_INSTRUCTIONS TO FOLLOW_
All of the data, from the first line to the last, should be reproduced without alteration.

[Records drawn from a dataset]
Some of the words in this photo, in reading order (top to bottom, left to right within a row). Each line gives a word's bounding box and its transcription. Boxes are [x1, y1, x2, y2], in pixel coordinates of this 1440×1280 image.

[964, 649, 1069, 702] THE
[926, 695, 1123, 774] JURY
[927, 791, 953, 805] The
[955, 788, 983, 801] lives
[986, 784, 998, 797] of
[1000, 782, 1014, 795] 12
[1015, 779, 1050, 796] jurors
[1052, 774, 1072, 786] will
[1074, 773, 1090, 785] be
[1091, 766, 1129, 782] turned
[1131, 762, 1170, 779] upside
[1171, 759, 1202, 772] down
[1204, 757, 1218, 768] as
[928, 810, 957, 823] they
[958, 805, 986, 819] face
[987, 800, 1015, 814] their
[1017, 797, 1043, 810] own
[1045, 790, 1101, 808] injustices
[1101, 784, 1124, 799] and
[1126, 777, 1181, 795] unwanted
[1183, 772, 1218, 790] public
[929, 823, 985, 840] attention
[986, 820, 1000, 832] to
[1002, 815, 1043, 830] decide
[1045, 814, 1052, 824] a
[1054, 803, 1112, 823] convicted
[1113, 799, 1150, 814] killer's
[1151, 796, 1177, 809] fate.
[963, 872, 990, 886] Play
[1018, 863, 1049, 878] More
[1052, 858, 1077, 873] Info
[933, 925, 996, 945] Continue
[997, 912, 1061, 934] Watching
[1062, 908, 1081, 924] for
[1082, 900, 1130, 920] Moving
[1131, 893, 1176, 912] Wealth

_RESPONSE AREA_
Some of the words in this photo, in reading order (top to bottom, left to right within a row). Each line gives a word's bounding box and its transcription. Boxes are [x1, y1, x2, y2], in pixel coordinates of this 1440×1280 image.

[964, 649, 1069, 702] THE
[926, 695, 1123, 774] JURY
[927, 791, 953, 805] The
[955, 788, 983, 801] lives
[986, 784, 998, 797] of
[1000, 782, 1014, 795] 12
[1015, 779, 1050, 796] jurors
[1052, 774, 1072, 786] will
[1074, 773, 1090, 785] be
[1091, 766, 1129, 782] turned
[1131, 762, 1170, 779] upside
[1171, 759, 1202, 772] down
[1204, 757, 1218, 768] as
[928, 810, 957, 823] they
[958, 805, 986, 819] face
[987, 800, 1015, 814] their
[1017, 797, 1043, 810] own
[1045, 790, 1101, 808] injustices
[1101, 784, 1124, 799] and
[1126, 777, 1181, 795] unwanted
[1183, 772, 1218, 790] public
[929, 823, 985, 840] attention
[986, 820, 1000, 832] to
[1002, 815, 1043, 830] decide
[1045, 814, 1052, 824] a
[1054, 803, 1112, 823] convicted
[1113, 799, 1150, 814] killer's
[1151, 796, 1177, 809] fate.
[963, 872, 990, 886] Play
[1018, 863, 1049, 878] More
[1052, 858, 1077, 873] Info
[933, 925, 996, 945] Continue
[997, 912, 1061, 934] Watching
[1062, 908, 1081, 924] for
[1082, 900, 1130, 920] Moving
[1131, 893, 1176, 912] Wealth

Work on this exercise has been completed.